How much rainforest is lost each year / each day?
The world lost a record 6.7 million hectares of tropical primary rainforest in 2024, an area almost the size of Panama, as per satellite imagery research from the University of Maryland's GLAD Lab and Global Forest Watch. This averages at the area of 18 football pitches of primary forest lost every minute. This was 80% more deforestation than 2023, and the highest figure recorded in at least two decades of satellite monitoring.
For the first time on record, in 2024 fires (not agriculture) were the leading cause of tropical primary forest loss, accounting for nearly 50% of all deforestation (GFW). The remaining loss was driven mainly by agricultural clearance and logging; despite global commitments to reduce deforestation, tropical forest loss from non-fire human drivers actually increased by 14% from 2024 to 2023.
Globally, total tree cover loss across all forest types reached 30 million hectares in 2024, an area roughly the size of Italy, the highest on record since satellite monitoring began. The fires responsible for much of this loss emitted 4.1 gigatons of greenhouse gases globally, more than four times the emissions from all air travel in 2023 (Mongabay).

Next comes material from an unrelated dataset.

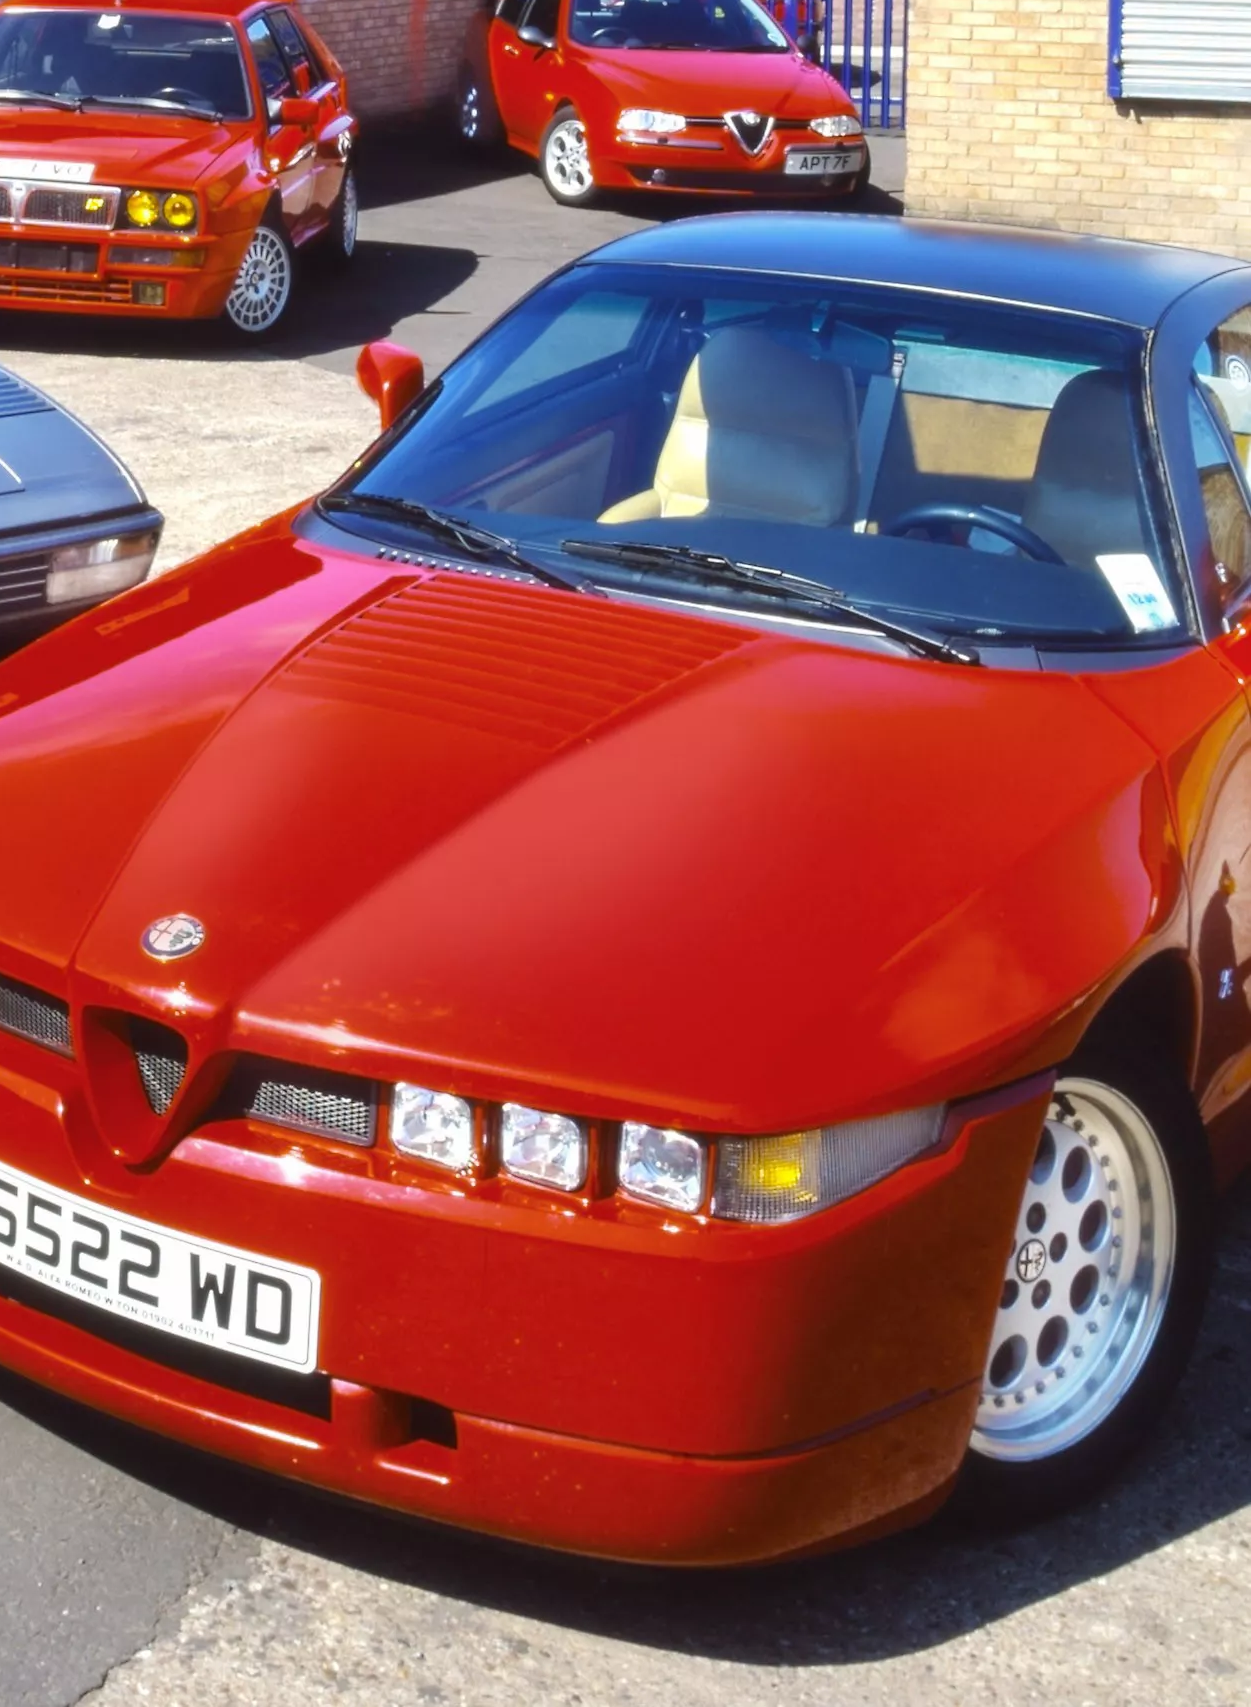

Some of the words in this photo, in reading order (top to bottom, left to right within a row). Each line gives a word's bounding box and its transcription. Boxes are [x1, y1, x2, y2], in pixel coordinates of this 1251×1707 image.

Latin American rainforests suffered particularly badly in 2024. Brazil (home to more tropical forest than any other country) saw wildfires cause six times more forest loss than in 2023, as an extreme climate-change exacerbated drought made fires more intense and harder to control. Nicaragua had the highest percentage of primary forest loss of any country in 2024, at 4.7%, with nearly 78% of loss occurring in the Bosawás Biosphere Reserve
Of the 20 countries with the largest areas of primary forest, 17 have higher primary forest loss today than when the Glasgow Leaders Declaration on Forests and Land Use was signed in 2021 (to halt and reverse forest loss and land degradation by 2030). To eliminate deforestation by 2030, tropical forest loss would need to have been down to around 3.6 million hectares in 2024, not the recorded 6.7 million. To secure a biodiverse future with a healthy forested ecosystem, humanity is moving in the wrong direction.
Rainforest Concern is actively fighting deforestation and the loss of biodiversity. Over the last 32 years, Rainforest Concern has been instrumental in protecting 2.2 million hectares of threatened forest.